Face masks will become mandatory on all domestic and international flights and in airports across the country, as Australia gears up to combat the new, more virulent strain of COVID-19 detected in Brisbane.
Seems like that would have been a good shout months ago, but hey, I’m no epidemiologist.
Speaking in Canberra today after a National Cabinet meeting, Prime Minister Scott Morrison laid out a suite of changes to domestic and international air travel designed to slow the bastard virus’ spread.
All passengers and crew will be required to mask up on domestic and international trips, Morrison said, adding that flight staff will wear other PPE as appropriate.
“As an additional preventative measure to prevent spread, mask wearing will be mandatory in all domestic airports within Australia,” Morrison said.
Those measures will not apply to children under twelve, or those with genuine exemptions due to health concerns.
Aussies are also advised to keep their masks on while travelling through foreign airports.
Further testing guidelines have been introduced for anyone hoping to travel to Australia, too.
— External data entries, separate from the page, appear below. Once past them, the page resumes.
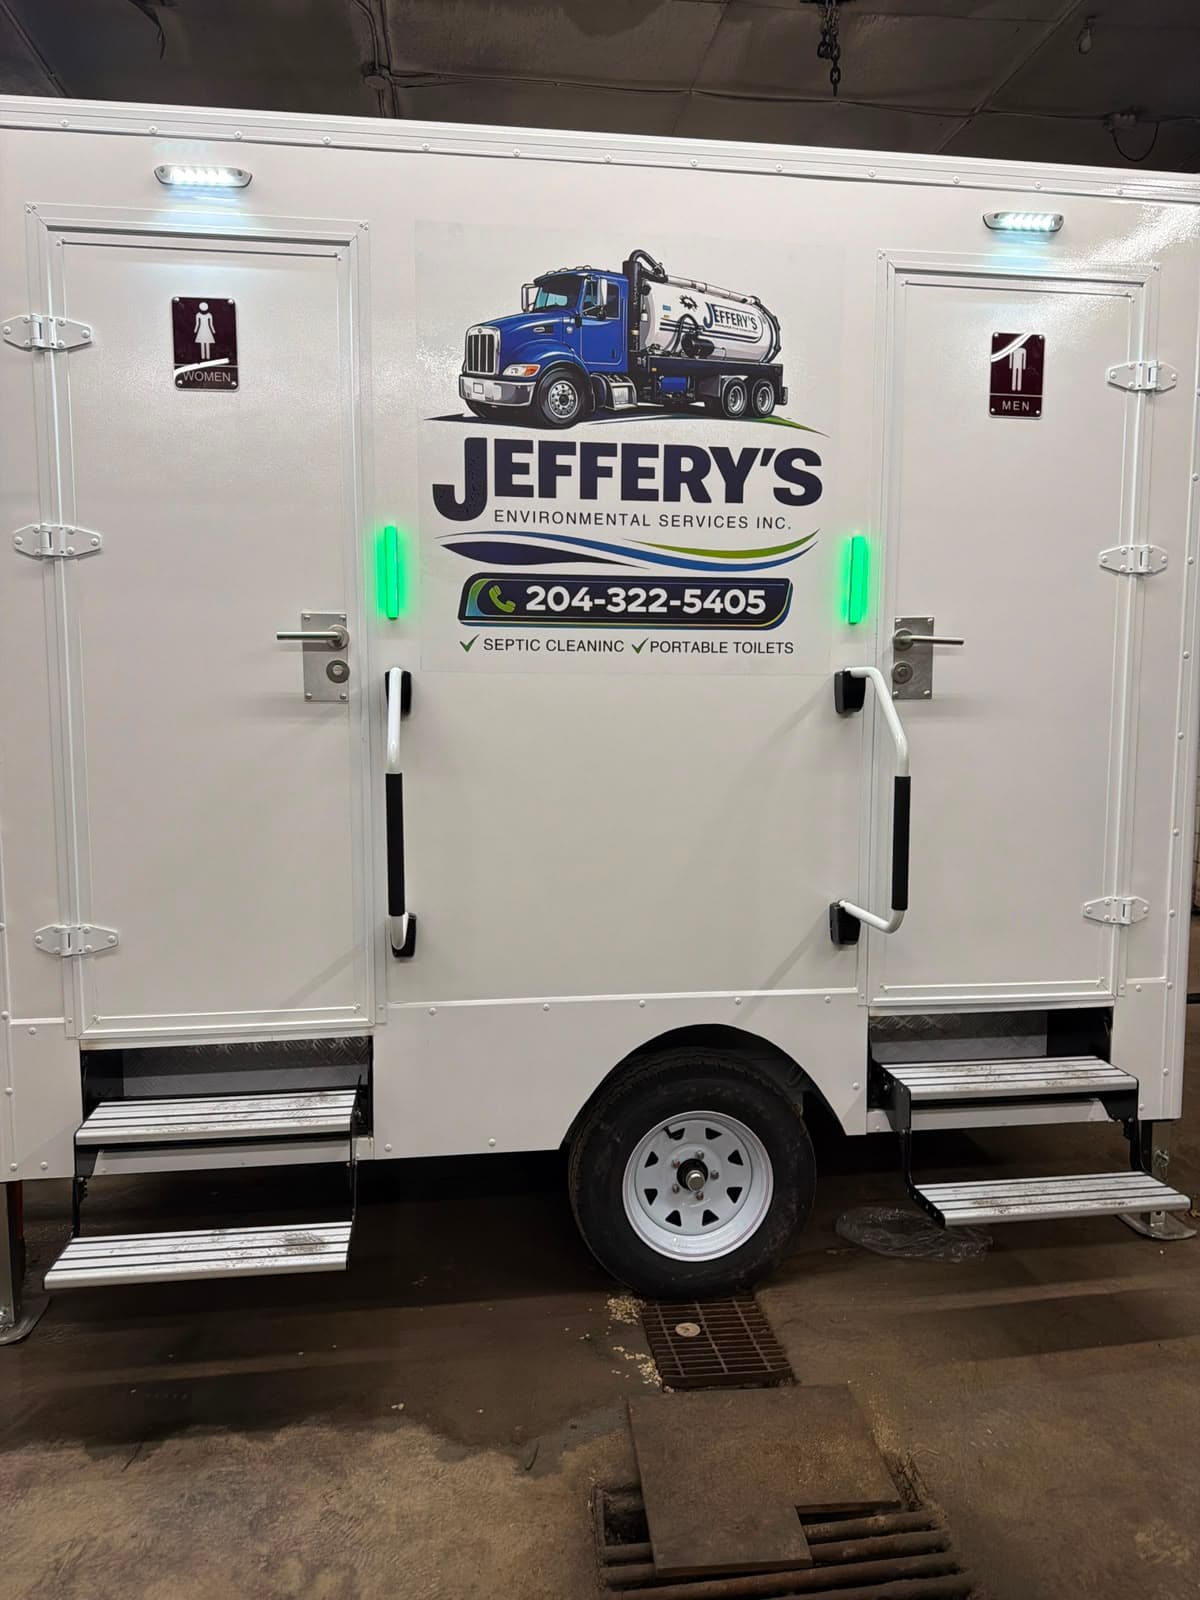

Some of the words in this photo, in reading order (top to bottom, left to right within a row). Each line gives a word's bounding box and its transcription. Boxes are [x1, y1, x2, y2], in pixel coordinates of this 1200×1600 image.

[703, 302, 758, 330] JEFFERY'S
[183, 371, 231, 382] WOMEN
[1002, 400, 1030, 411] MEN
[432, 437, 823, 522] JEFFERY'S
[494, 509, 651, 527] ENVIRONMENTAL
[658, 514, 748, 529] SERVICES
[756, 516, 791, 530] INC.
[525, 585, 766, 615] 204-322-5405
[483, 638, 541, 651] SEPTIC
[650, 640, 728, 654] PORTABLE
[733, 641, 794, 654] TOILETS
“Travellers to Australia must return a negative COVID-19 test result prior to departure to Australia,” Morrison said, again adding that some very specific exemptions apply to those in locations where tests are difficult to undertake.
Existing hotel quarantine precautions will apply to them upon arrival, too.
International flight crew members will also be required to undergo a COVID-19 test every seven days or upon arrival.
Morrison said they’ll need to quarantine in “dedicated quarantine facilities” or for 14 days, with “no special rules for flight crews moving about”.
Beyond that, the number of international arrivals accepted by NSW, WA, and QLD will be cut by 50%.
At home, we can expect another change which, honestly, seems like it should have been instituted from the outset: workers in hotel quarantine schemes, as defined by each state or territory, will receive COVID-19 testing each and every day.
All of this comes hours after Queensland Premier Annastacia Palaszczuk announced a three-day lockdown of the Greater Brisbane region, in response to a single new infection detected in a hotel quarantine worker.
Morrison said he believed the snap shutdown was a “proportionate” response to the arrival of the fresh, highly-virulent COVID-19 strain on Australian soil.